**Task directions**
Print all of the data exactly.

-------- Provided entries

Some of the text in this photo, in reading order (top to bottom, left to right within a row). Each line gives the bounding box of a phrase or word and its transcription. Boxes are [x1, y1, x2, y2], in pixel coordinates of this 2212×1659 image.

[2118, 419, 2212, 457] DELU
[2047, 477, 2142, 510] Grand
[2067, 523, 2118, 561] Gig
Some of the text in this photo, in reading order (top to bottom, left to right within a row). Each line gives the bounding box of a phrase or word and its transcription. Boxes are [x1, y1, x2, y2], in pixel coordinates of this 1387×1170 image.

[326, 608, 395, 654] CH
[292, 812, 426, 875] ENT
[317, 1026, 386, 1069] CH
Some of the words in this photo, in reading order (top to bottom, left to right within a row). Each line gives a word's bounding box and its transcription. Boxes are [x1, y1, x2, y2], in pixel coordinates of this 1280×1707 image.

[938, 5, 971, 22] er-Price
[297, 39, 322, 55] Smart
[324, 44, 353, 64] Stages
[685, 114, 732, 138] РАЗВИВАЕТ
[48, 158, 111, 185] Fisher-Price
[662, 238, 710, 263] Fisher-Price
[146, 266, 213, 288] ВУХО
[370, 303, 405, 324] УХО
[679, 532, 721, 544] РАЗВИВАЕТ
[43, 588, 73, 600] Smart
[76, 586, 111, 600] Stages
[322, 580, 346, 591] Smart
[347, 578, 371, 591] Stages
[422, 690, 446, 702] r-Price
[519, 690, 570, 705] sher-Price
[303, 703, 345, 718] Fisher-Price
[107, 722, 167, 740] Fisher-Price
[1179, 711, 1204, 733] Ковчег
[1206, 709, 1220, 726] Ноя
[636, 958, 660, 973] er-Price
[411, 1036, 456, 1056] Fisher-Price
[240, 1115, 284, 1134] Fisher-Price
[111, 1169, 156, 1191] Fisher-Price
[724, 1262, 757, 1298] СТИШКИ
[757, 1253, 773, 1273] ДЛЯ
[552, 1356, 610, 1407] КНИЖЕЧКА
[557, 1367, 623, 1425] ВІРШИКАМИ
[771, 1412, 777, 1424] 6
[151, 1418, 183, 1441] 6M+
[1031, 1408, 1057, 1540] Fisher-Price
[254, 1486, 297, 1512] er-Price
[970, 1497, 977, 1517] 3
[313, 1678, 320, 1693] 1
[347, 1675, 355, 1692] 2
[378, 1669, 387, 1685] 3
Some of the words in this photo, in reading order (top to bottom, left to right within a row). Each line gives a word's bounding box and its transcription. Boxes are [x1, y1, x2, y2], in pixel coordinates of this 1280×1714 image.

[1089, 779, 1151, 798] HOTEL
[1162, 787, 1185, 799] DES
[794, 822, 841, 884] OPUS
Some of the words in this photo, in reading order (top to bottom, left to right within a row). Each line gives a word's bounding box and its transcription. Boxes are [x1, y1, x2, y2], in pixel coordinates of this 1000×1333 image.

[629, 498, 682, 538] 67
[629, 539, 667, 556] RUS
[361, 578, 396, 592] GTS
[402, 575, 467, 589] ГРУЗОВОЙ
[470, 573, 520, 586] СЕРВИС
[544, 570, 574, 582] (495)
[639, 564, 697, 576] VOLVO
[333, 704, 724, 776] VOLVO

----------------

**Written response**
Some of the text in this photo, in reading order (top to bottom, left to right within a row). Each line gives the bounding box of a phrase or word and its transcription. Boxes are [x1, y1, x2, y2], in pixel coordinates of this 2212×1659 image.

[2118, 419, 2212, 457] DELU
[2047, 477, 2142, 510] Grand
[2067, 523, 2118, 561] Gig
Some of the text in this photo, in reading order (top to bottom, left to right within a row). Each line gives the bounding box of a phrase or word and its transcription. Boxes are [x1, y1, x2, y2], in pixel coordinates of this 1387×1170 image.

[326, 608, 395, 654] CH
[292, 812, 426, 875] ENT
[317, 1026, 386, 1069] CH
Some of the words in this photo, in reading order (top to bottom, left to right within a row). Each line gives a word's bounding box and its transcription. Boxes are [x1, y1, x2, y2], in pixel coordinates of this 1280×1707 image.

[938, 5, 971, 22] er-Price
[297, 39, 322, 55] Smart
[324, 44, 353, 64] Stages
[685, 114, 732, 138] РАЗВИВАЕТ
[48, 158, 111, 185] Fisher-Price
[662, 238, 710, 263] Fisher-Price
[146, 266, 213, 288] ВУХО
[370, 303, 405, 324] УХО
[679, 532, 721, 544] РАЗВИВАЕТ
[43, 588, 73, 600] Smart
[76, 586, 111, 600] Stages
[322, 580, 346, 591] Smart
[347, 578, 371, 591] Stages
[422, 690, 446, 702] r-Price
[519, 690, 570, 705] sher-Price
[303, 703, 345, 718] Fisher-Price
[107, 722, 167, 740] Fisher-Price
[1179, 711, 1204, 733] Ковчег
[1206, 709, 1220, 726] Ноя
[636, 958, 660, 973] er-Price
[411, 1036, 456, 1056] Fisher-Price
[240, 1115, 284, 1134] Fisher-Price
[111, 1169, 156, 1191] Fisher-Price
[724, 1262, 757, 1298] СТИШКИ
[757, 1253, 773, 1273] ДЛЯ
[552, 1356, 610, 1407] КНИЖЕЧКА
[557, 1367, 623, 1425] ВІРШИКАМИ
[771, 1412, 777, 1424] 6
[151, 1418, 183, 1441] 6M+
[1031, 1408, 1057, 1540] Fisher-Price
[254, 1486, 297, 1512] er-Price
[970, 1497, 977, 1517] 3
[313, 1678, 320, 1693] 1
[347, 1675, 355, 1692] 2
[378, 1669, 387, 1685] 3
Some of the words in this photo, in reading order (top to bottom, left to right within a row). Each line gives a word's bounding box and its transcription. Boxes are [x1, y1, x2, y2], in pixel coordinates of this 1280×1714 image.

[1089, 779, 1151, 798] HOTEL
[1162, 787, 1185, 799] DES
[794, 822, 841, 884] OPUS
Some of the words in this photo, in reading order (top to bottom, left to right within a row). Each line gives a word's bounding box and its transcription. Boxes are [x1, y1, x2, y2], in pixel coordinates of this 1000×1333 image.

[629, 498, 682, 538] 67
[629, 539, 667, 556] RUS
[361, 578, 396, 592] GTS
[402, 575, 467, 589] ГРУЗОВОЙ
[470, 573, 520, 586] СЕРВИС
[544, 570, 574, 582] (495)
[639, 564, 697, 576] VOLVO
[333, 704, 724, 776] VOLVO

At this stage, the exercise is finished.